2022/01/07【社長のメッセージ】
あけましておめでとうございます。
昨年末の業績は、過去最高額を約2%上回り順調な走り出しとなりました。また、今月末には新型のpH/ORP計を初出荷する予定です。益々、今後の業績が楽しみになってきました。
今年は創業50周年(設立33周年)を迎えます。老舗の企業が急激に業績を落としていく事例が後を絶ちません。業績低下の理由は需要の低下だけでなく、過去の成功体験の過信から抜け出せないことが大きな原因だと言われています。
当社も現在の企業文化を踏襲することと、アップデートすることを決断しなければ生き残れないと考えています。
情報の差が戦の結果を決める時代は過ぎてしまったのではないかと思います。なぜなら欲しい情報は誰でもインターネットで手軽に入手できるようになりました。インターネットで集めた情報や顧客アンケートの結果を上手に整理し、新製品や新サービスの企画を立てても、競合他社と似たようなものになるのは当然のことです。
ましてヒト、モノ(生産設備含む)、カネといった経営資源が豊かな大企業と勝負をするためには、社員が生み出す『ひらめき』の質と量の差が、製品やサービスの差別化の始まりになります。

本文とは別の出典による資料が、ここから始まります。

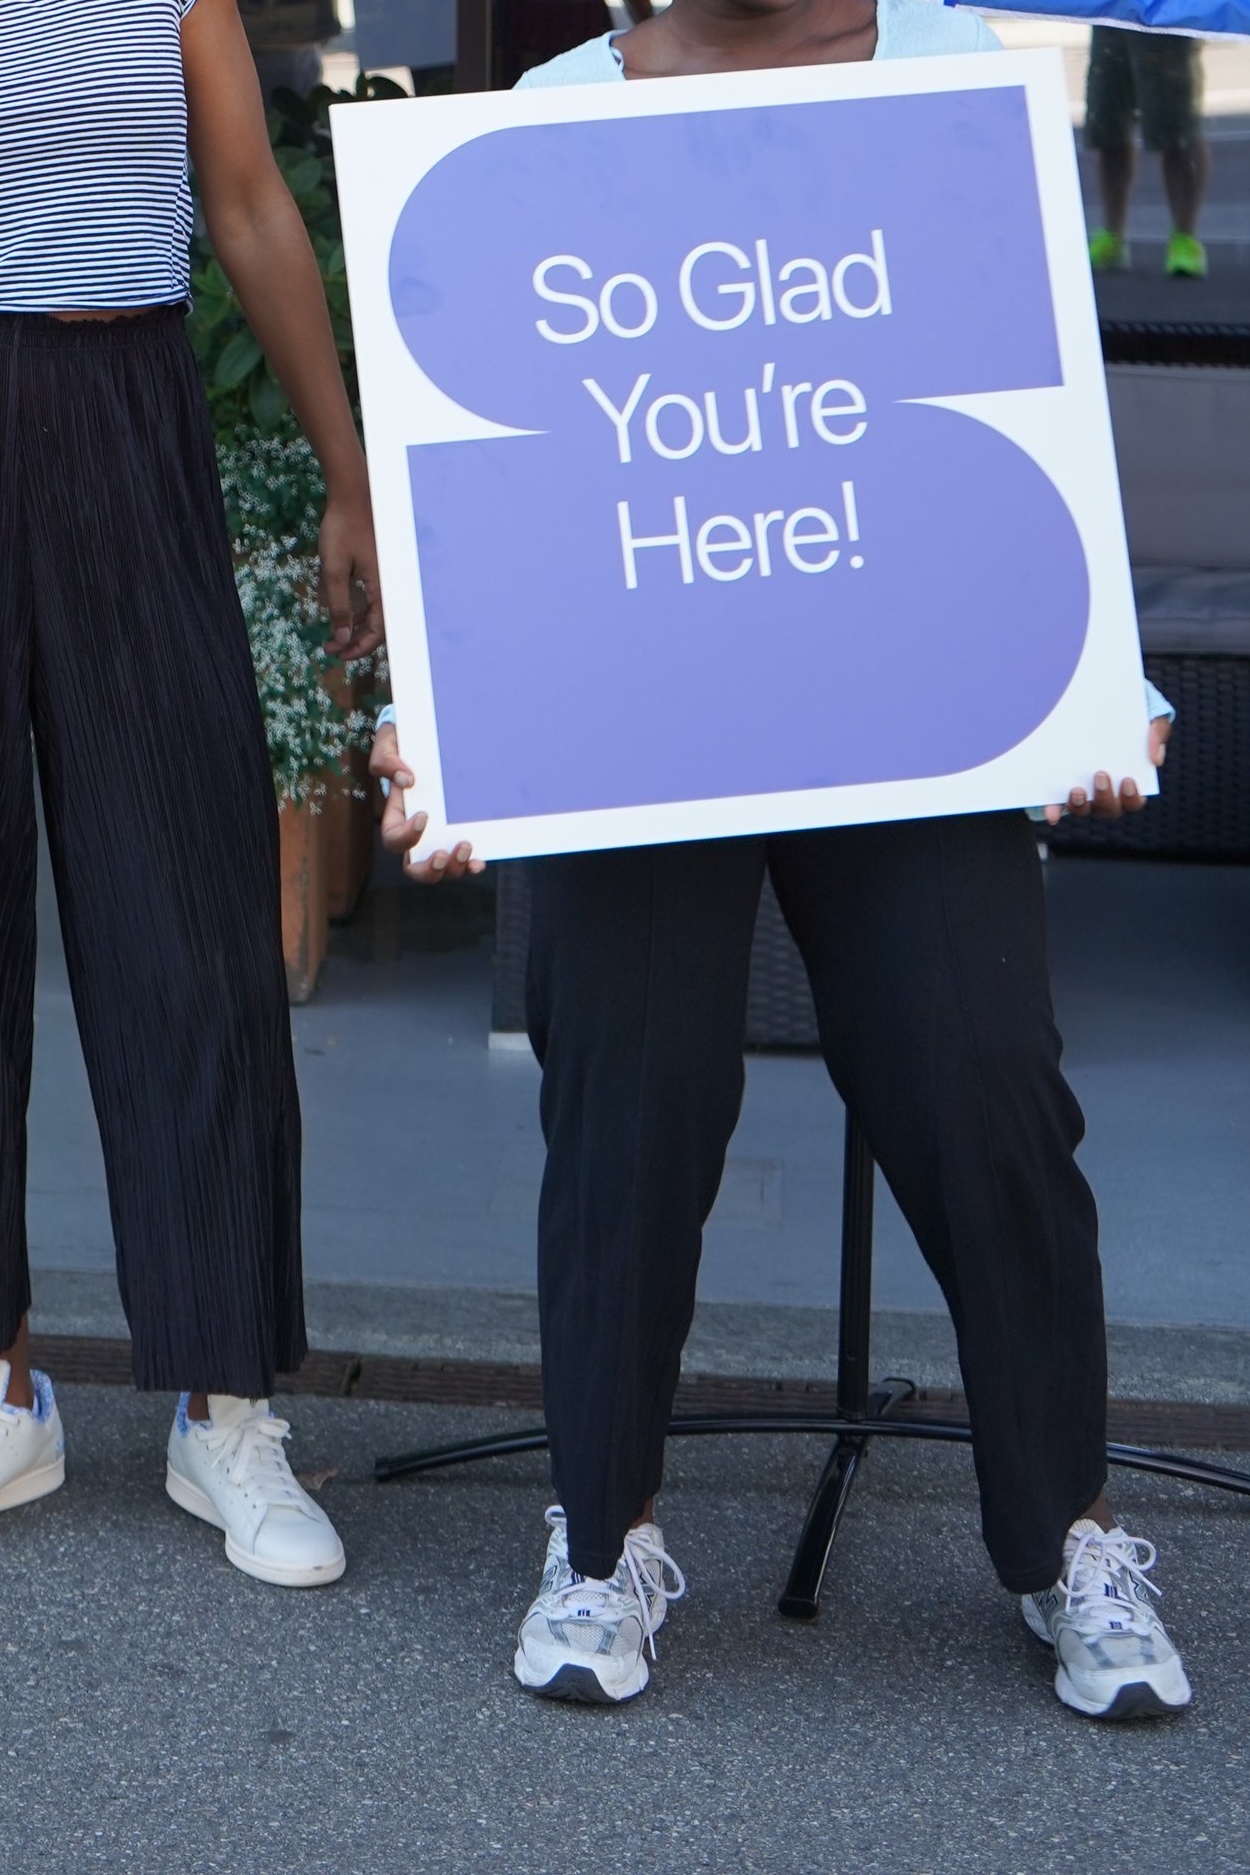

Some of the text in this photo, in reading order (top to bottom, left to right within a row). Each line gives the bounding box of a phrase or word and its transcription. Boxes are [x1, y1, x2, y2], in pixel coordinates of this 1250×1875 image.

生まれたばかりのアイデアが実現するか否かも企業文化に大きく関係していると思います。「アイデアをさらに膨らまして、お客様の笑顔をもっと大きくしよう」と集まっても、この段階で実現の可能性を尋問のように問われては膨らむものも萎んでしまいます。また下を向いたまま話し合いに参加しないのも同じことです。
差別化のアイデアを実現するために社運をかけて『チャレンジすべきこと』を決断するために話し合っているのに、『やれること』の話し合いにレベルダウンしていることが多々あります。これでは現状維持を脱することはできず、将来、業界をリードするメーカーになる未来像も見えてきません。
京セラや第二電電(現KDDI)などを創業し、日本航空(JAL)を再建した稲盛和夫氏の経営哲学の一つである『楽観的に構想し、悲観的に計画し、楽観的に実行する』を思い出します。
新しいことを進め、成功させるには、まずは『楽観的』に構想を描けることが必要である。
しかし、夢のようなことばかり考えていては、現実化はしないので、計画の段階では、『悲観的』に構想を見つめ直し、考え尽くすことで、悲観的な要素に対する対策を準備しておく。
しかし、実行の段階では再び『楽観的』に行動に移さなければ、成功に向けた果敢な行動が取れない。
このように仕事や人生に向き合う上で、とても大切な基本姿勢を示した言葉だと思います。ソフトバンクの創業者の孫正義氏も同じような思考の持ち主だそうです。
大企業であれば、構想段階、計画段階、実行段階は、それぞれを得意とする部署に任せることで成功の可能性を上げることができます。
しかし、当社はあえて同じメンバー、全社員で進めたいと考えています。一番の理由は、その方が楽しそうだからです。当社しかできない仕事、明るい未来を築いていくためにはメンバーが、今は構想段階(楽観的に)なのか、計画段階(悲観的に)なのか、実行段階(楽観的に)なのかを考えて、意識的に思考を『楽観的』と『悲観的』を切り替える必要があります。
当社は50周年を迎えて、企業文化をアップデートすることで失敗を恐れず勇敢にチャレンジをしていきましょう。社員ひとり一人が自立と成長、貢献を感じられる会社に育てていきたいと考えています。